Thursday, July 7, 2011

Week 2 in Oaxaca

One of most memorable experiences that happened this week was going to a weaving cooperative. There is a little town not too far from Oaxaca, which bases its economic income off of the making and selling of rugs. The cooperative was started several years ago by a group of women who wanted to become economically independent from their husbands. In rural parts of Oaxaca it is tradition for women to be bound to their duties at home and thus, they rarely have a chance to leave. Some women who wanted independence created the weaving cooperative to change this. At first, the men resisted the change and tried to keep women “in their place”. The cooperative went through some ups and downs over the years; most recently the business has settled down and become more stable. According to the women, when the men began to realize that the rugs were a good source of income, they began to encourage their wives in the cooperative. This complete turn-around surprised many of the women, but the women openly accepted the men, some of whom are still weaving with the cooperative today.

When I heard the story of the weaving women, I was not surprised at the hardships that they received from the men. To me, it seems that even though Mexico and the United States are completely different countries they still experience some of the same stereotypes about men and women. Men are looked at as the “breadwinners” of the family. However, after just spending some time in Oaxaca for a couple of weeks I am starting to see that this stereotype is falling away, similar to American culture. In the clinic, it is common for men to bring in their children to receive treatment. This behavior breaks the gender roles and is probably something that could only be witnessed in the last couple of years.

After learning the story of the weaving cooperative, one of the women there performed a cleansing ceremony, also known as a limpia. The limpia is a ceremony that is meant to cleanse a person of their physical and mental ailments. Because we attended a group limpia, we received a mild version of the ritual. The ceremony started off with the mixing of herbs and alcohol, then a handful of herbs was rubbed over specific points on our arms and head. The herbs were then placed in our hands and we were asked to remain sitting with our eyes closed until everyone had received their treatment. I thought it was ironic that the majority of our group is pre-medicine, but we were all receiving an alternative treatment.

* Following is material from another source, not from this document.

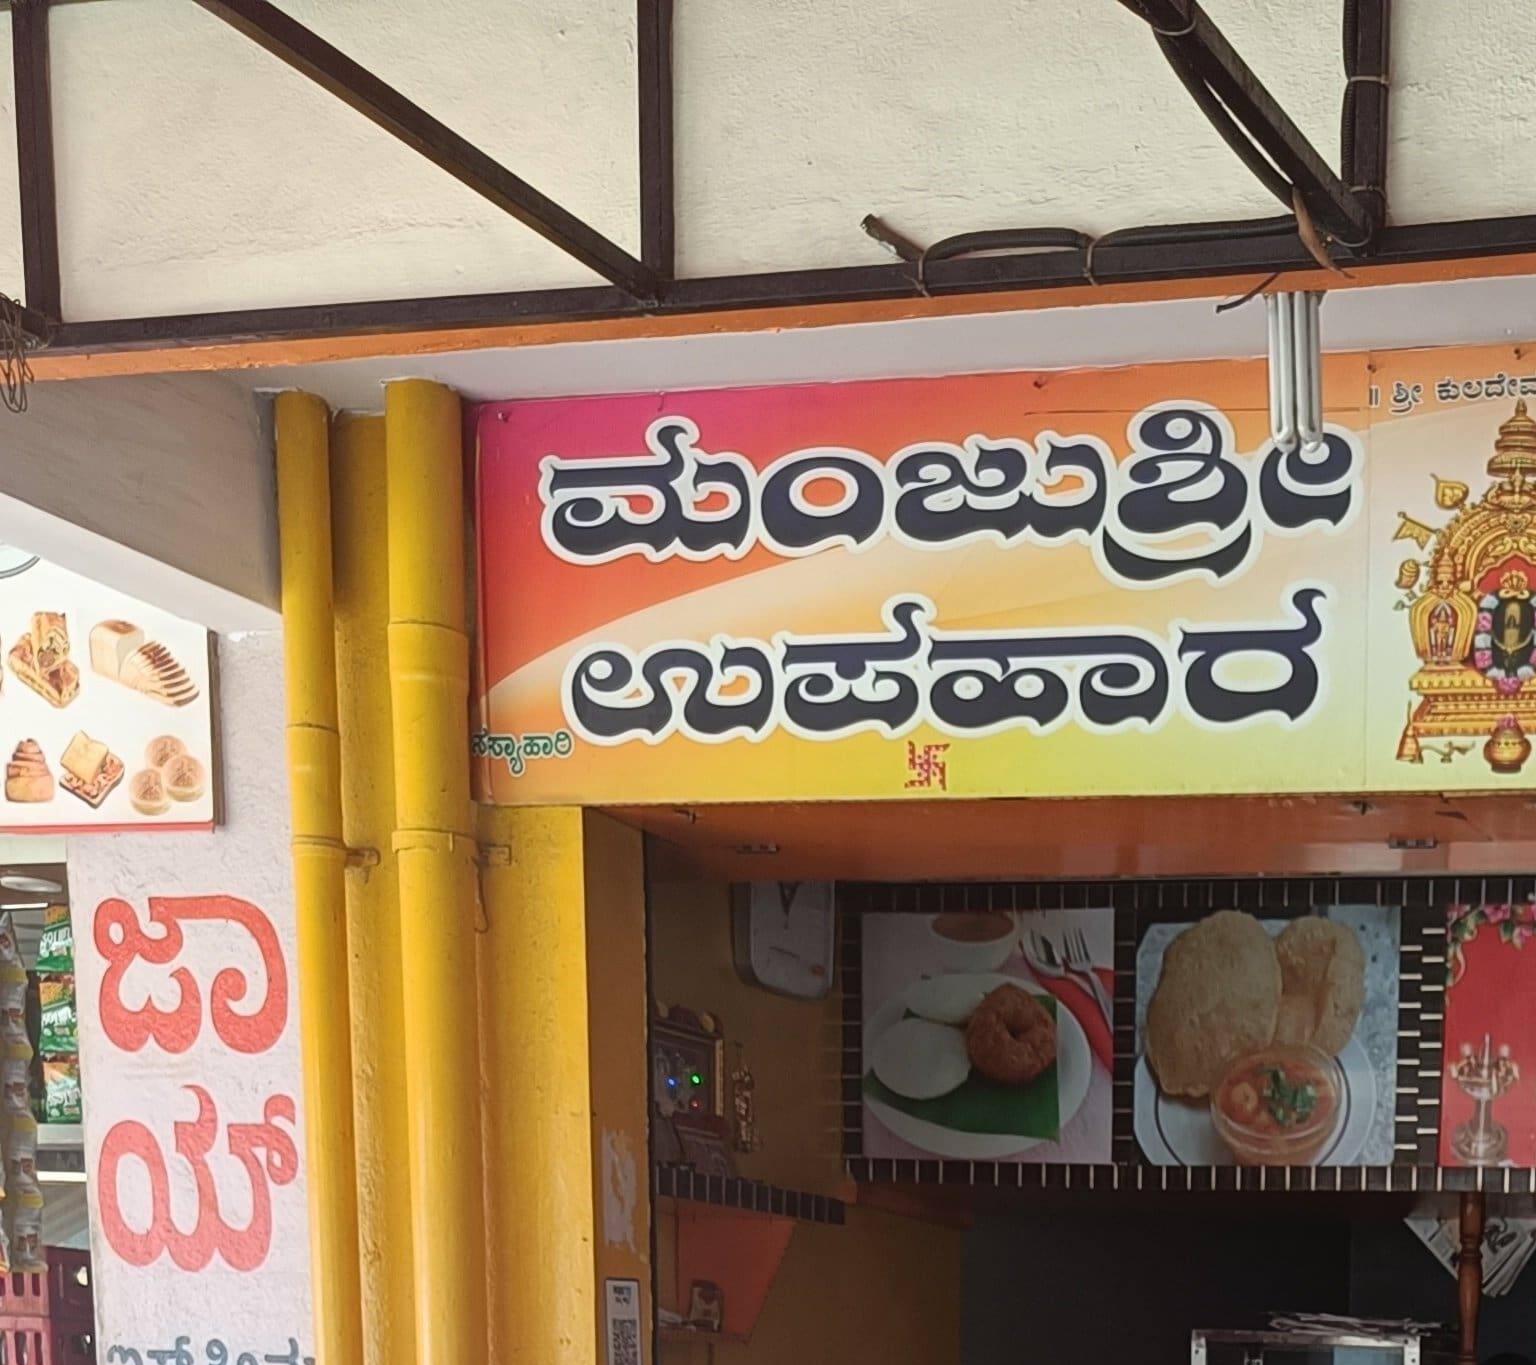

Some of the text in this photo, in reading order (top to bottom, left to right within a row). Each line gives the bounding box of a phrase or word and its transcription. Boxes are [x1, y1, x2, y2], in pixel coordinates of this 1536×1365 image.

[1391, 381, 1421, 412] ಶ್ರೀ
[541, 402, 1362, 586] ಮಂಜುಶ್ರೀ
[563, 585, 1337, 741] ಉಪಹಾರ

The limpia reminded me of the value in alternative medicine; and that just because I am premed, does not mean that I should discount such practices. In fact, after the ceremony I began to think about my own career and how I would love to combine all forms of medicine. To me, it is upsetting that most people in America are quick to discredit alternative treatment. But here in Oaxaca it is common for people to receive many different kinds of treatment, ranging from clinical physicians to witch doctors. This open-mindedness is something that I hope to carry back with me to America.

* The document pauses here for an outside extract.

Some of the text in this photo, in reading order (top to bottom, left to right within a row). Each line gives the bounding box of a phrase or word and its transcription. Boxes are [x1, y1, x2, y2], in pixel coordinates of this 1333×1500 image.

  1. Ash, since you seem to be interested in the concept of combining traditional medicine with alternative medicine, I think you should read a book called "The Spirit Catches You and You Fall Down". It's about a Hmong family's struggle to help their young daughter, who has a severe case of epilepsy. Lia's doctors and Lia's parents often have different views on what's best for Lia, a problem confounded by a language barrier. The book is an ethnography, so you also learn a lot of interesting things about the Hmong culture. It's a good read and makes you think a lot about how we do medicine in America.

  2. I second Amanda's suggested reading of "The Spirit Catches You and You Fall Down". It is a great ethnography.